Universal Robot UR5*
Camera: Blackfly 5.0 MP Color GiE PoE
Lens: Fujinon HF8XA-1
Tecan Cavro XE1000 syringe pump
1x servo electrical gripper
1x pneumatic gripper
Species recognition system (SRS). (Already developed)
Custom made 3D-printed parts
*Universal Robots have sold more than 25.000 cobots (By Sep. 2018, Forbes) having a market share of 60 %
Climate researchers are working hard to gain a deeper understanding of the climate changes that we are facing. A powerful tool in the research process is the investigation of temporal and spatial variation and compositions of invertebrate communities (Insects). Their short life cycle allows researchers to examine the changes in insect population in relation to climate data. Are the insects appearing earlier in the season? Are they arriving in smaller numbers? Are they arriving so out of time that they won’t pollinate flowers or feed wildlife? And lastly; Is this due to a changing climate?

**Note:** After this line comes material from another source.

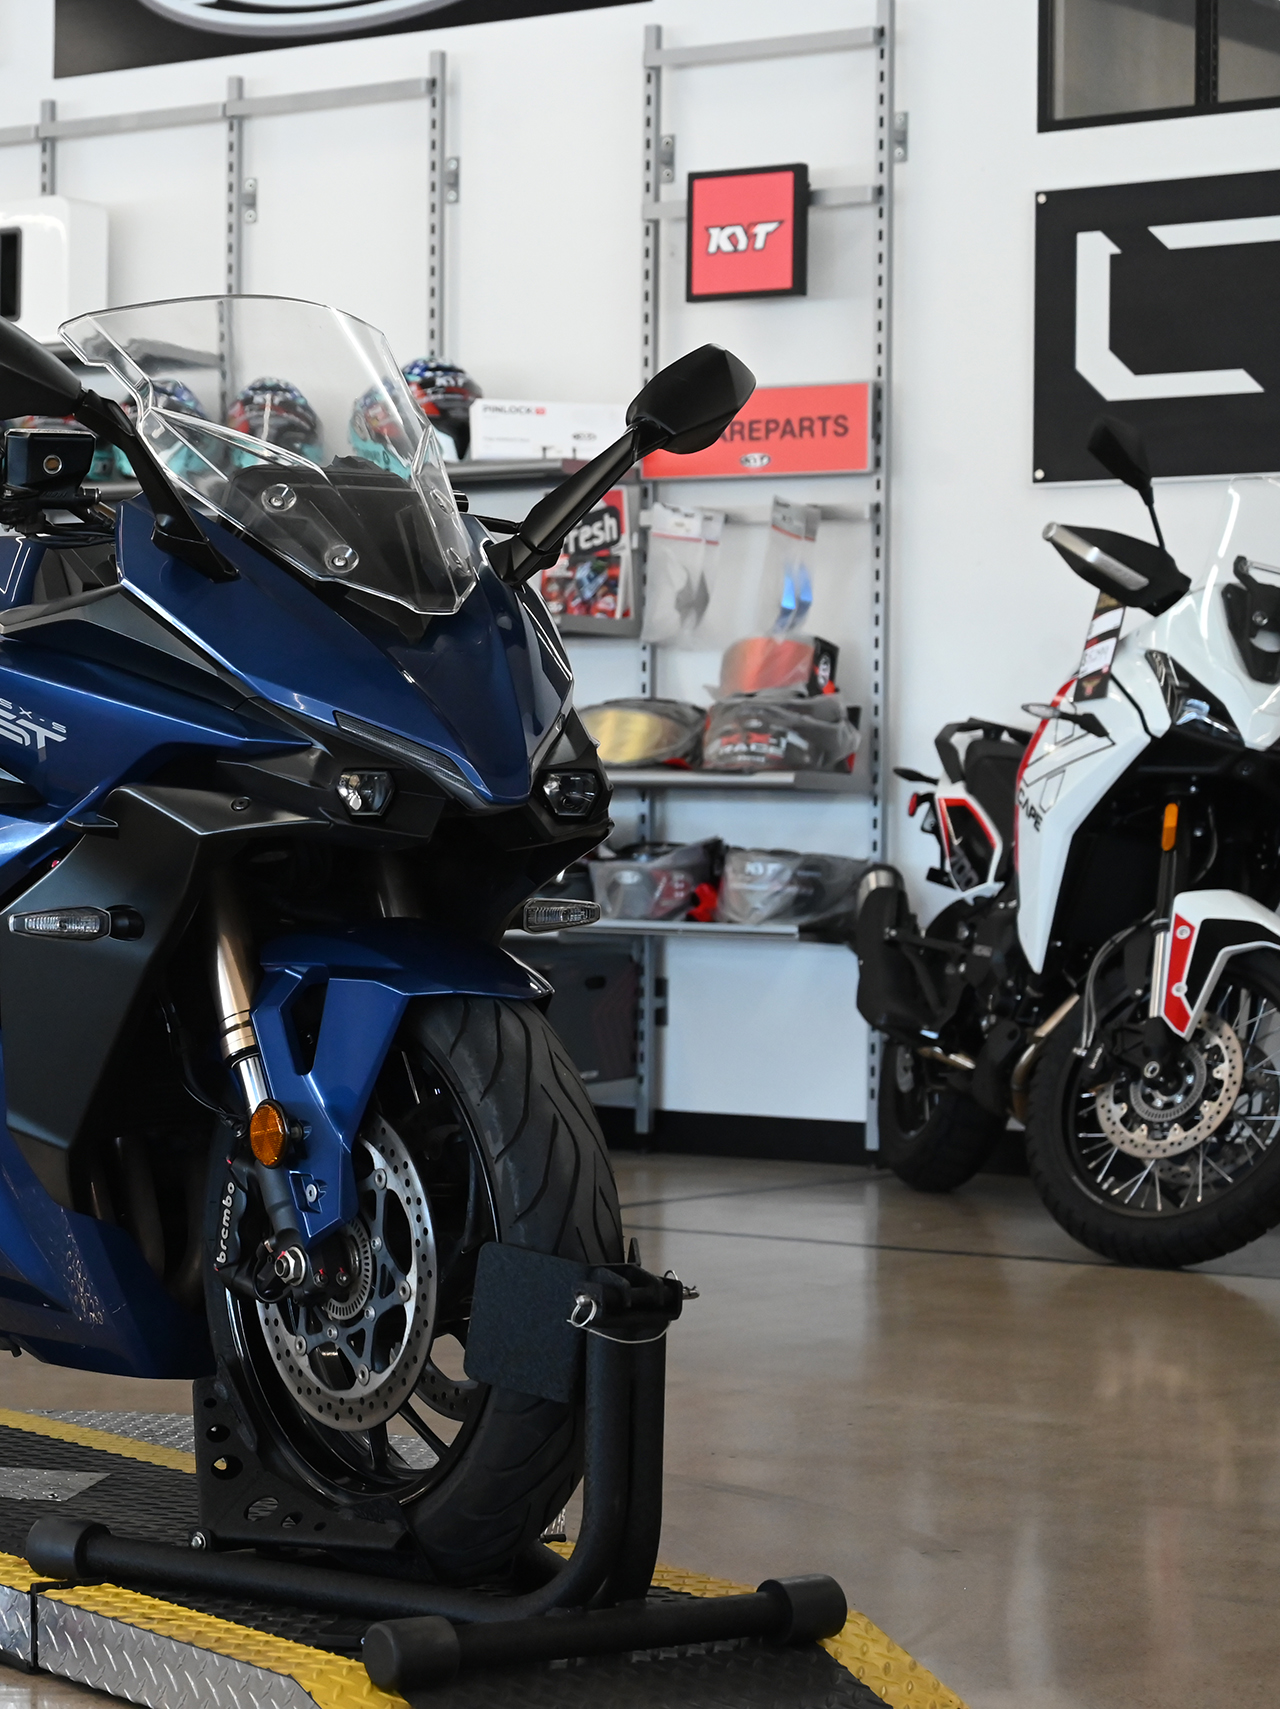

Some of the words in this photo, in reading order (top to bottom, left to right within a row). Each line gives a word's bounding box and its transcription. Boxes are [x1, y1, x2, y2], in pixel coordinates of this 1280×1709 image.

[706, 221, 783, 254] KYT
[721, 414, 849, 443] REPARTS
[568, 512, 619, 554] resh

A recent study, “Worldwide decline of the entomofauna: A review of its drivers”, which had its findings brought forth in an article in the news outlet The Guardian showed massive decline in insect populations compared to vertebrate species.
Tracking their appearances allows observations of climate change on a much smaller time scale than by using traditional methods such as ice drillings and soil testing. However, the processing of insect samples collected in the field is very time-consuming and multiple specialists are required. Today the insect samples containing several hundred insects are brought into the lab and each sample is manually sorted into insect orders for later identification by specialists.

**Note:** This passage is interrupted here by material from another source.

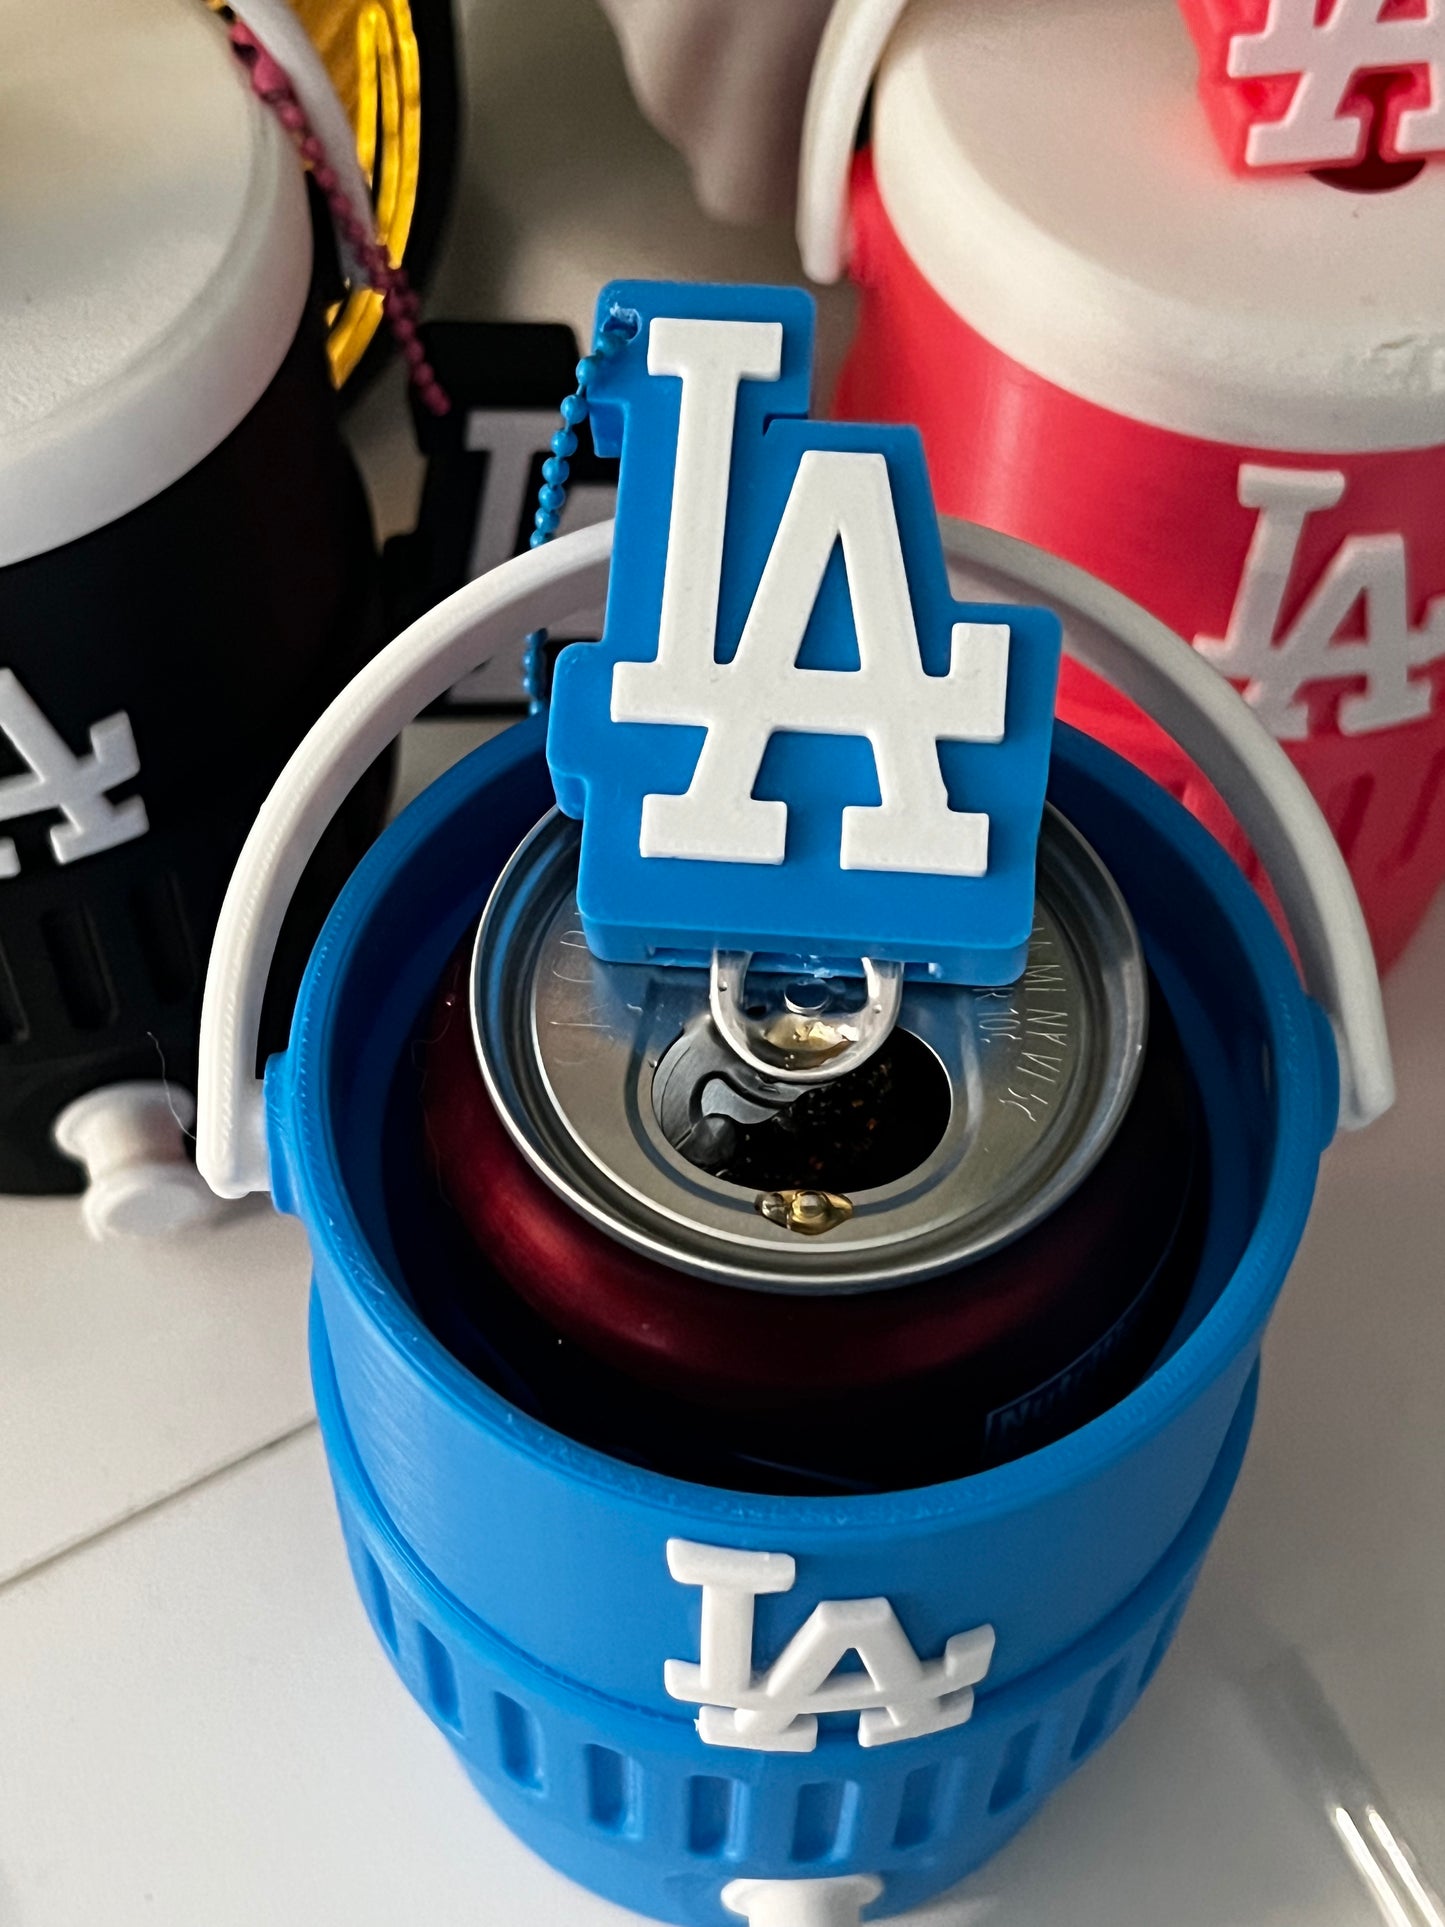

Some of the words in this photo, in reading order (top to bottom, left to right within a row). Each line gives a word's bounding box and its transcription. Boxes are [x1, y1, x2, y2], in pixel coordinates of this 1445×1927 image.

[610, 317, 1010, 877] LA
[1193, 462, 1445, 741] LA
[664, 1537, 997, 1753] LA

Unfortunately, this method is often neglected due to the inconvenient process and unfortunately important knowledge is lost. Collected samples are simply not investigated due to resource and time constraints. The neglect of the research is exemplified below where geographical location of the reports used for the survey is shown. Data on insect populations is almost exclusively found in the western world. The problem being that the consequences could be far worse for other areas without any possibilities for forecasting. For increased research on this area the identification process needs to be made more accessible.
New developments in computer vision and machine learning has enabled automatic identification of such insect specimens directly from images. The missing element in an automatic identification process is a method to separate, deliver and dispose of the insect specimens for individual identification.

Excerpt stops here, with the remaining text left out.